Stocks appeared to be off to a mixed start. On Monday, U.S. share futures dipped as traders assessed the risks to the global economy from an energy crisis against the potential of tighter monetary policy to combat inflation.
Australian equities fell, while futures for Japan fell after previously signalling gains in Hong Kong. The S&P 500 and Nasdaq 100 contracts were in the negative after the indexes sank Friday in the aftermath of US employment growth statistics that fell severely short of expectations while simultaneously showing an increase in earnings.
Treasuries fell after the data, pushing the 10-year yield beyond 1.6 percent. Wage increases and an increase in energy costs indicate pricing pressures that support the case for tighter monetary policy. Many strategists believe the Federal Reserve will begin to reduce its bond purchases in the coming weeks. Due to a U.S. holiday, there will be no cash Treasuries trading on Monday.

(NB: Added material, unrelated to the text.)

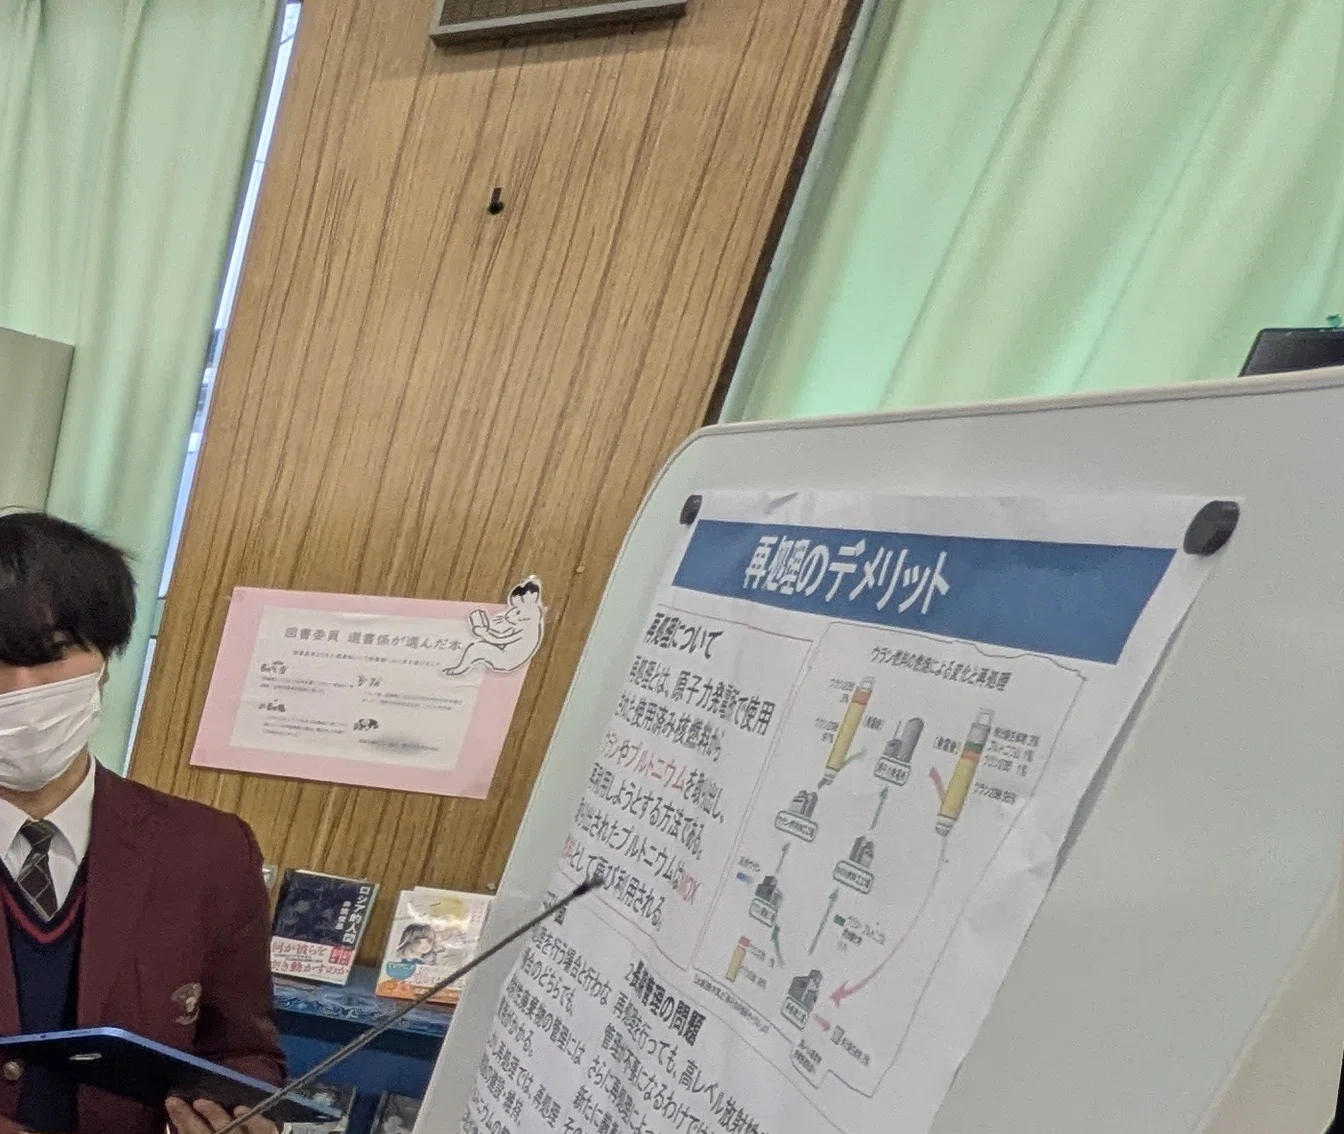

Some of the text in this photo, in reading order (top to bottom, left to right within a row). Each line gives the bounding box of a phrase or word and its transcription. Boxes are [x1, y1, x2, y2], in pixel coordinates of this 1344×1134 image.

[742, 536, 952, 615] 再処理のデメリット
[285, 626, 339, 644] 図書委員
[342, 886, 372, 944] ロシア的人間

West Texas Intermediate crude rose and was trading around its highest level since 2014. The New Zealand dollar fell when Covid-19 instances increased.
In the United Kingdom, authorities at the Bank of England tried to reinforce indications of an impending rise in interest rates in order to combat inflation. Aside from central bank tightening, investors are also anticipating third-quarter firm profit reports and closely following China’s debt issues and downturn in the housing industry.
“The tapering is pretty much on track for November,” said Simon Ballard, chief economist at First Abu Dhabi Bank, on Bloomberg Television. The jobs report shifts the “emphasis to later rather than sooner” in terms of Fed rate hikes.
Economists at Goldman Sachs Group Inc. reduced their projections for US GDP this year and next, blaming a sluggish recovery in consumer spending. The decreases were primarily compensated by increases in estimates over the next two years.
Elsewhere, tensions over Taiwan are rising. President Tsai Ing-Wen said the island is experiencing “unique challenges” and will protect its sovereignty, responding to Chinese leader Xi Jinping’s declaration a day earlier that unification will occur. Taiwanese markets are closed during the holiday season.